## Free-text object descriptions
⁂

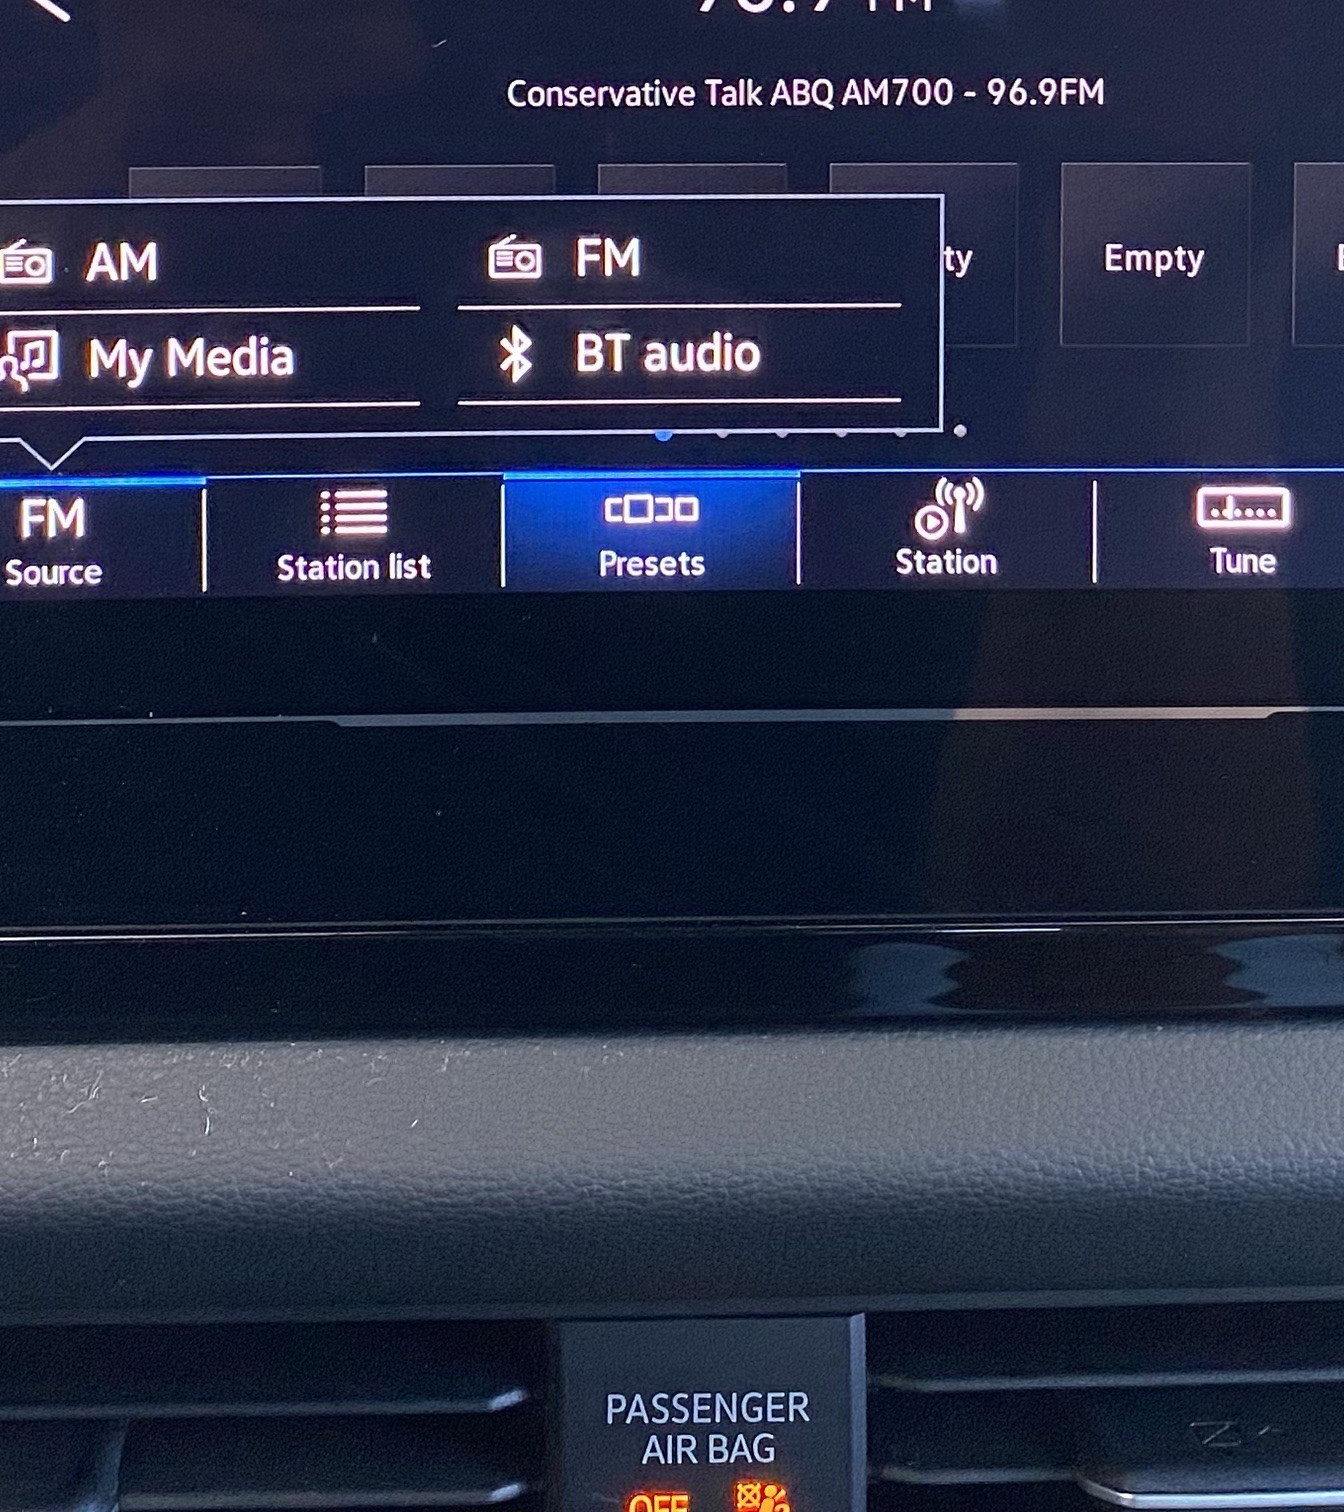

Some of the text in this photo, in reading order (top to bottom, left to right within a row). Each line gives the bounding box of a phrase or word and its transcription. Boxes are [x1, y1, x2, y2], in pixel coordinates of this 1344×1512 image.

[507, 78, 696, 107] Conservative
[704, 78, 763, 107] Talk
[769, 78, 835, 111] ABQ
[841, 77, 954, 106] AM700
[987, 77, 1104, 106] 96.9FM
[85, 241, 158, 283] AM
[577, 237, 641, 277] FM
[1105, 243, 1205, 278] Empty
[89, 334, 295, 389] My Media
[577, 330, 761, 373] BT audio
[20, 495, 86, 539] FM
[5, 558, 103, 587] Source
[277, 552, 432, 582] Station list
[599, 550, 706, 577] Presets
[896, 547, 998, 575] Station
[1209, 546, 1278, 574] Tune
[607, 1391, 810, 1425] PASSENGER
[641, 1432, 775, 1465] AIR BAG

⁂

## Required work
Transcribe the records verbatim and omit the images.

## Response for this exercise
Some of the text in this photo, in reading order (top to bottom, left to right within a row). Each line gives the bounding box of a phrase or word and its transcription. Boxes are [x1, y1, x2, y2], in pixel coordinates of this 1344×1512 image.

[507, 78, 696, 107] Conservative
[704, 78, 763, 107] Talk
[769, 78, 835, 111] ABQ
[841, 77, 954, 106] AM700
[987, 77, 1104, 106] 96.9FM
[85, 241, 158, 283] AM
[577, 237, 641, 277] FM
[1105, 243, 1205, 278] Empty
[89, 334, 295, 389] My Media
[577, 330, 761, 373] BT audio
[20, 495, 86, 539] FM
[5, 558, 103, 587] Source
[277, 552, 432, 582] Station list
[599, 550, 706, 577] Presets
[896, 547, 998, 575] Station
[1209, 546, 1278, 574] Tune
[607, 1391, 810, 1425] PASSENGER
[641, 1432, 775, 1465] AIR BAG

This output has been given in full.